Éric
Je suis resté à genoux longtemps, même après qu’elle se soit reculée, même après qu’elle ait disparu dans la salle de bain une nouvelle fois. Le sol est froid, mon dos est tendu, mes cuisses me brûlent. Mais je n’ai pas bougé.
Parce qu’à ce moment précis, quelque chose en moi a cédé. Un fil. Une ligne.
Une idée que je m’accrochais encore à un semblant de contrôle.
C’est fini.
Jade ne me prend pas.
Elle m’envahit. Elle me dévore. Elle me dissout jusqu’à ce que je ne sois plus qu’un écho d’homme, un reflet dans ses yeux, un souffle suspendu à ses lèvres.

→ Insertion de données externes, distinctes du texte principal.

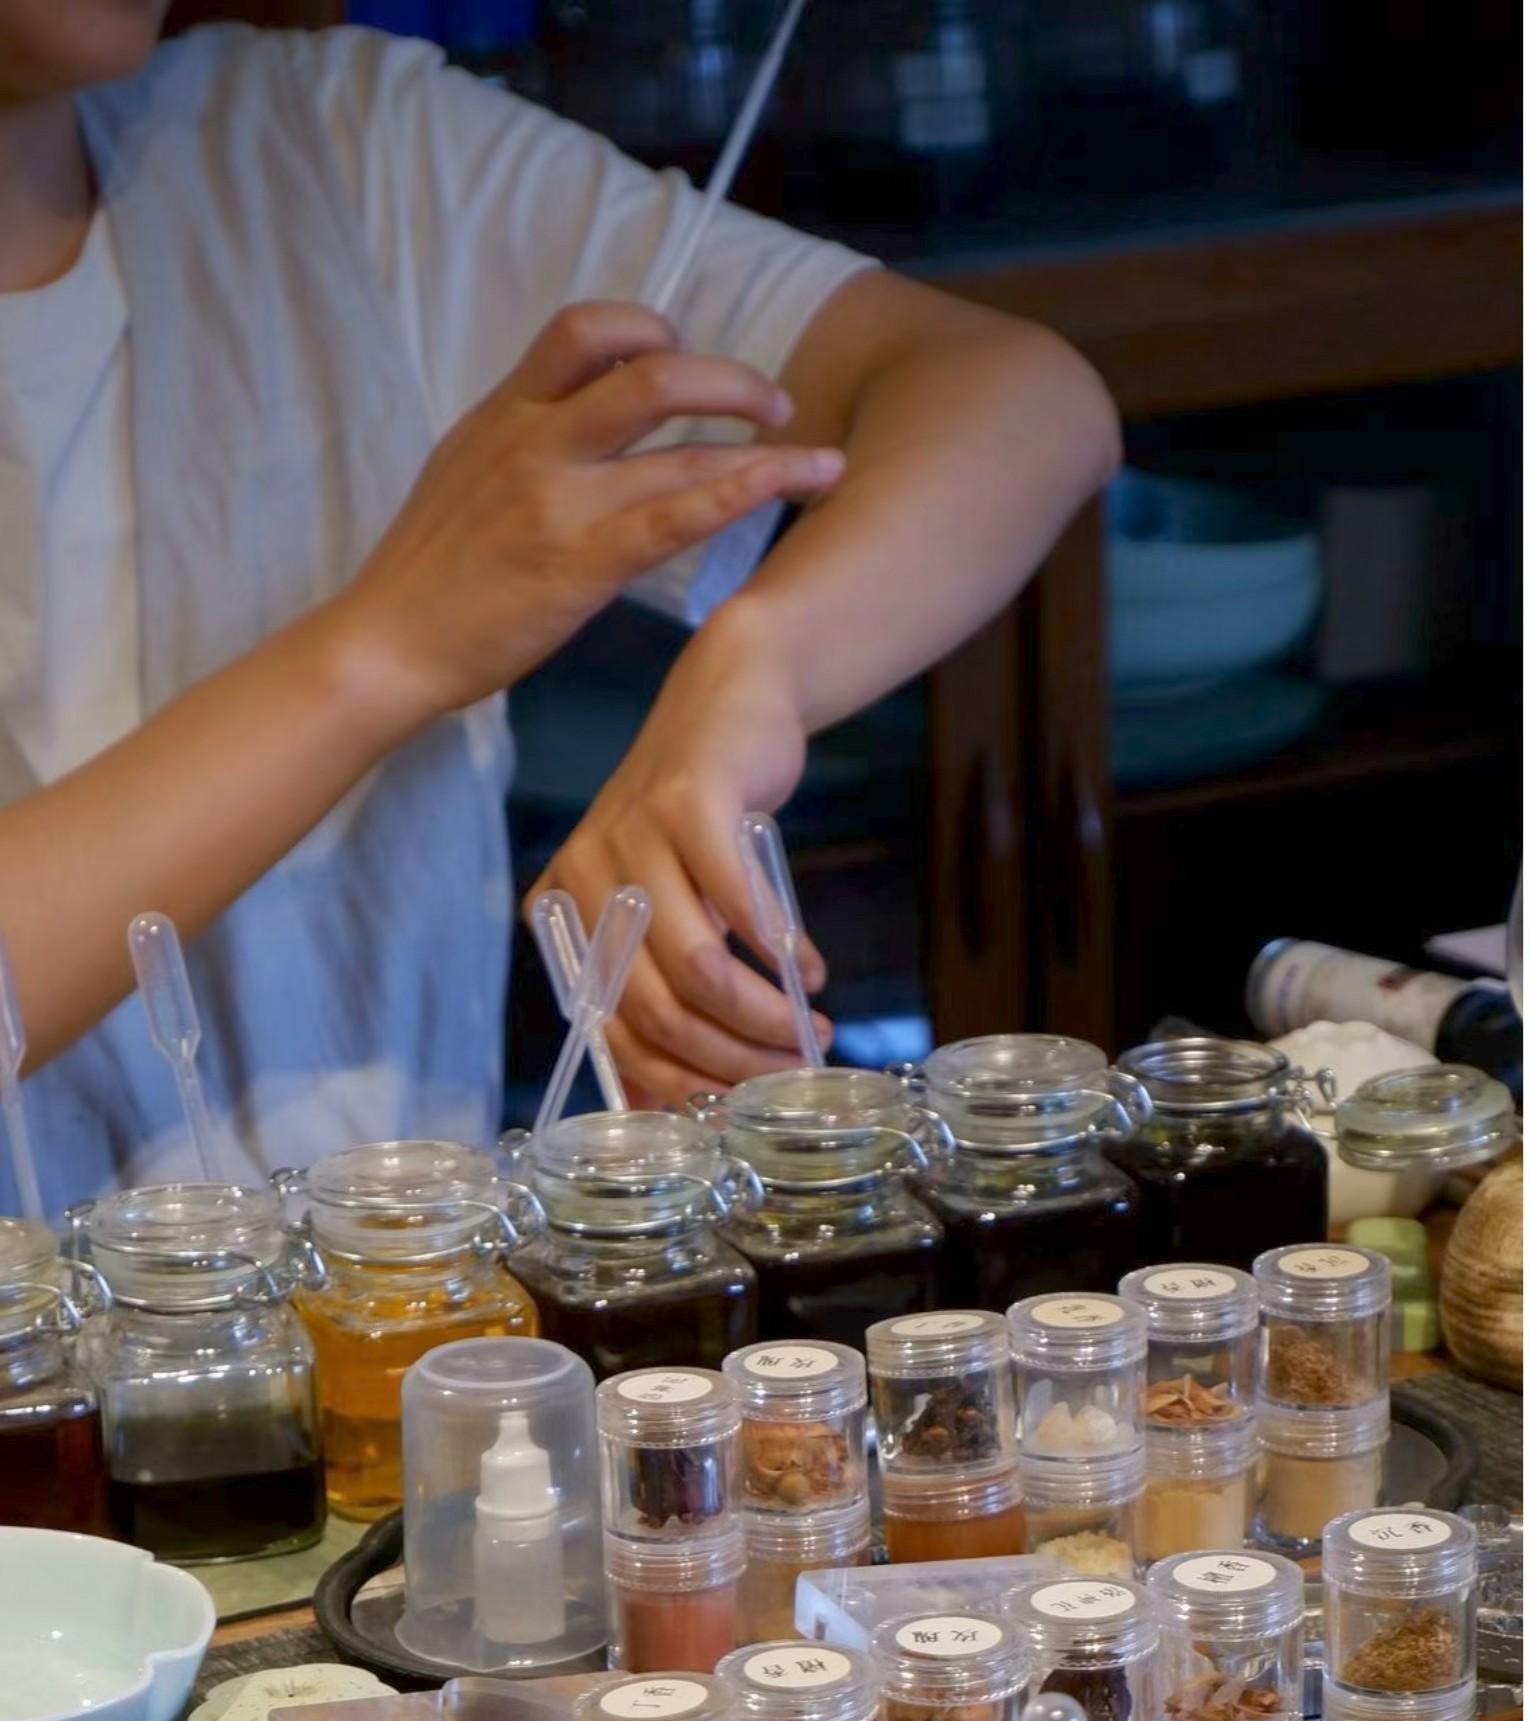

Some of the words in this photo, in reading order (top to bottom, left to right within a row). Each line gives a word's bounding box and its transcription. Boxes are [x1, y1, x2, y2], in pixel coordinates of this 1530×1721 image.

Il y avait encore en moi, jusqu’à ce soir, une part de résistance. Minuscule. Têtue. Une voix qui disait : Tu peux te retirer. Tu peux arrêter ça.

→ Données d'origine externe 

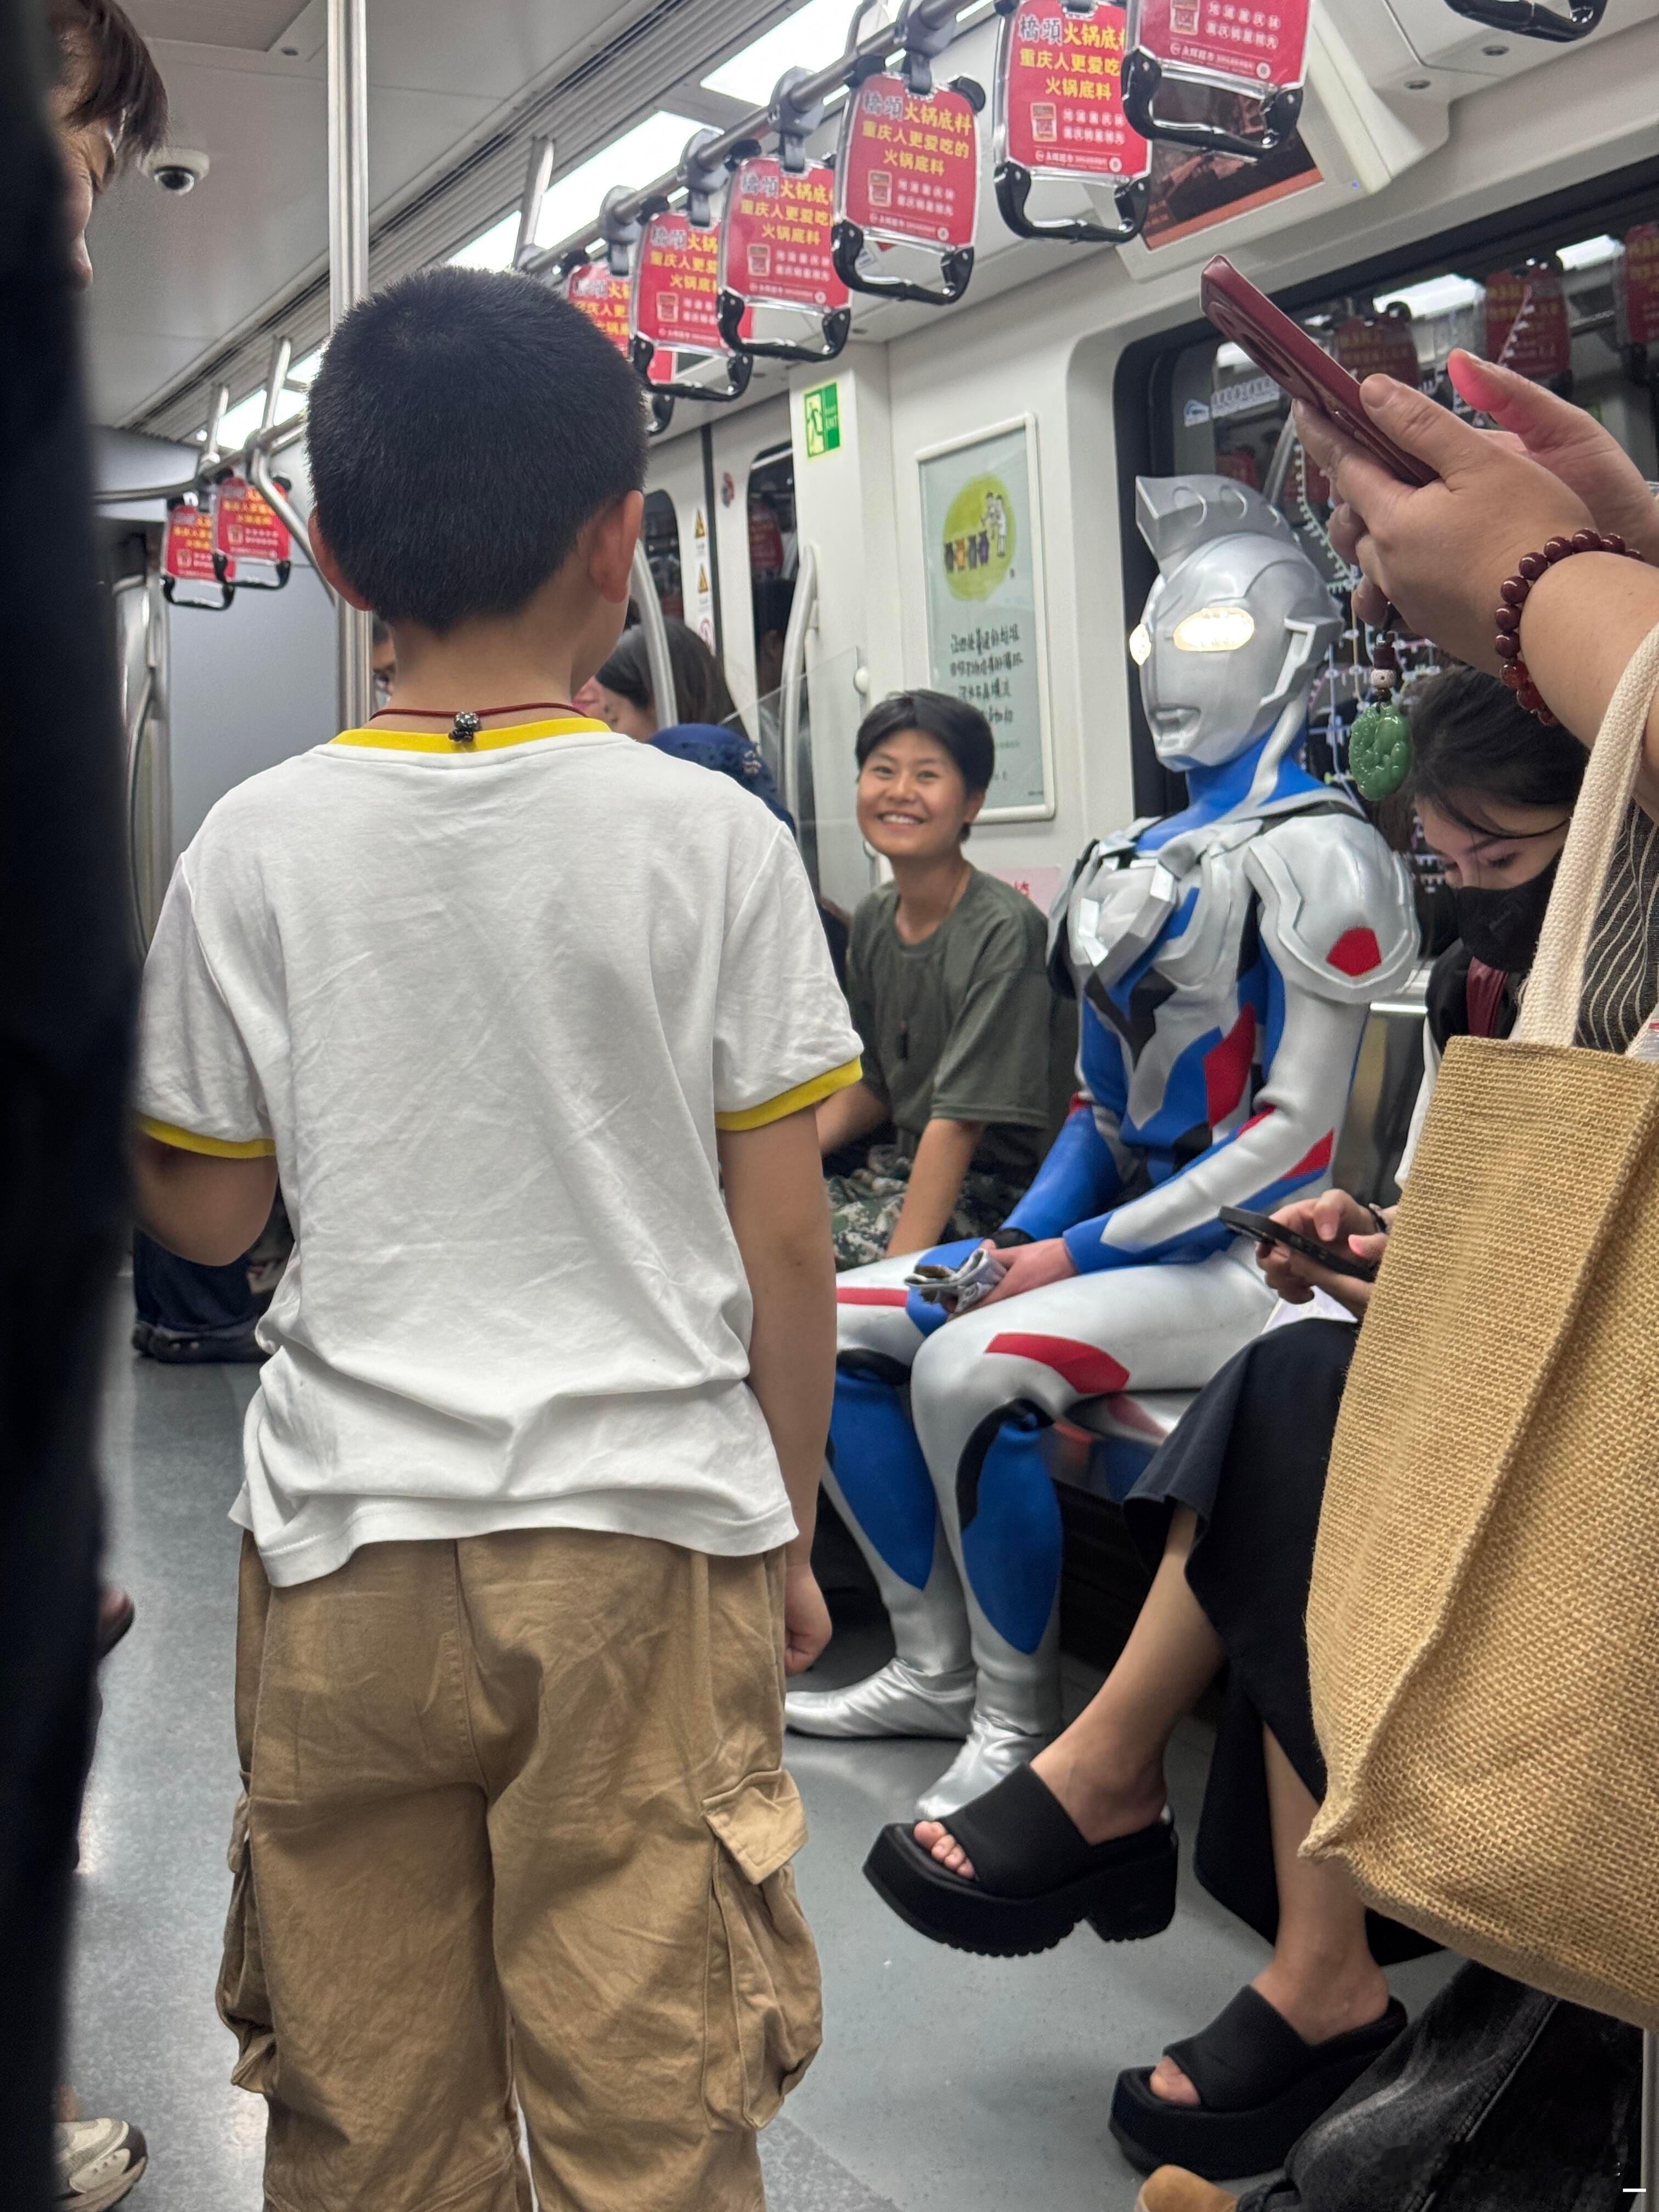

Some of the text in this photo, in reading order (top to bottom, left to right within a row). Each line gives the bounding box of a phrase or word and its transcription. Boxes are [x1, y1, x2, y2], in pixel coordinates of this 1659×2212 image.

[1045, 76, 1112, 101] 火锅底料
[862, 120, 970, 159] 重庆人更爱吃的
[883, 149, 945, 176] 火锅底料
[761, 222, 821, 246] 火锅底料

Mais elle s’est tue. Elle est morte. Supprimée par la caresse de ses ongles, par la morsure de ses silences, par ce regard qui ne flanche jamais.
Quand elle revient, elle est vêtue d’un peignoir de soie noire, les cheveux attachés négligemment, quelques mèches tombant sur ses tempes comme si elle avait été sculptée dans la provocation.

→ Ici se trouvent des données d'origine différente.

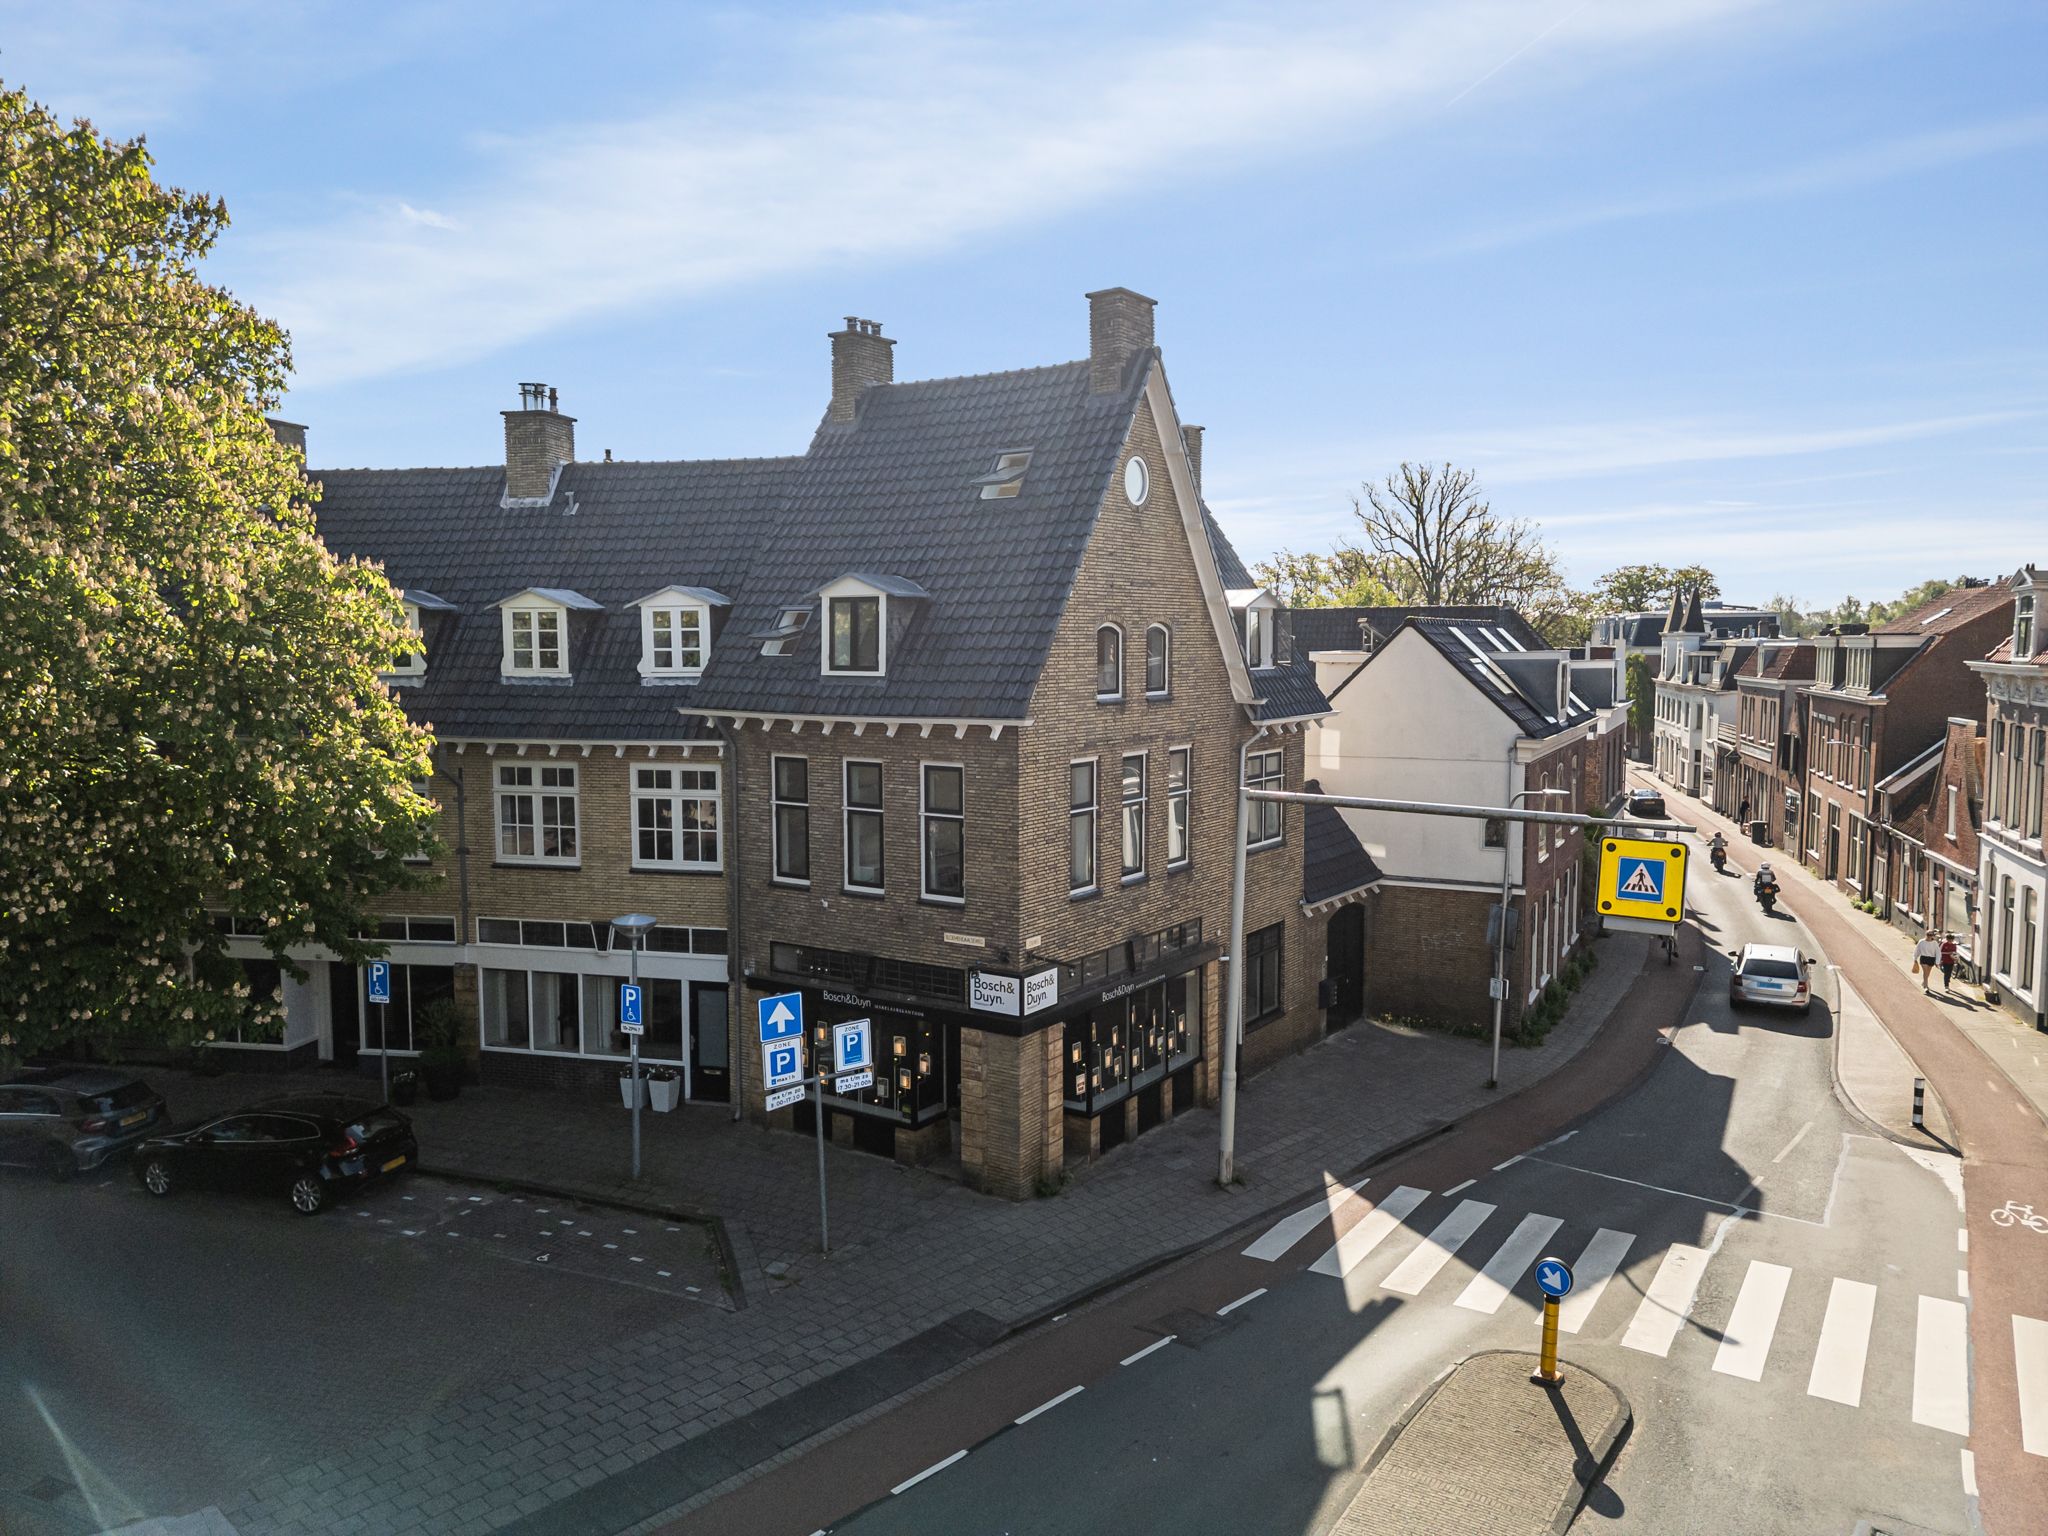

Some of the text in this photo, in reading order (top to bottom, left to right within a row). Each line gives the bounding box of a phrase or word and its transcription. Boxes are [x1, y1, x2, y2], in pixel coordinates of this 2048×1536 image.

[373, 964, 384, 981] P
[974, 978, 1015, 995] Bosch&
[1026, 974, 1055, 993] Bosch&
[626, 989, 636, 1006] P
[823, 990, 872, 1009] Bosch&Duyn
[974, 989, 1005, 1006] Duyn.
[1102, 983, 1135, 1002] Bosch&Duyn
[773, 1041, 792, 1049] ZONE
[846, 1034, 858, 1052] P
[776, 1052, 790, 1073] P

Elle marche pieds nus sur le tapis, tranquille, souveraine. Elle sent encore le sexe et l’orage.
Elle me regarde sans mot dire, penche légèrement la tête, amusée.
— Tu es encore là ?
Je hoche la tête. Je ne peux même pas parler.
Ma gorge est sèche, mon cœur cogne trop vite, et dans mes oreilles, il n’y a que l’écho de sa voix, de ses soupirs, de sa peau contre la mienne.
— Debout. On va parler un peu.
Je me relève. Mes jambes protestent, engourdies. J’ai l’impression d’être un soldat abattu qui tente de se tenir droit sous le regard du général. Je chancelle presque.
Elle se pose sur le fauteuil, les jambes croisées, un verre à la main. Un liquide ambré du whisky peut-être tourne lentement dans son verre. Elle joue avec la lumière du lustre au plafond, comme si tout ici n’était qu’un théâtre. Et moi, l’acteur tremblant qui ignore encore son rôle.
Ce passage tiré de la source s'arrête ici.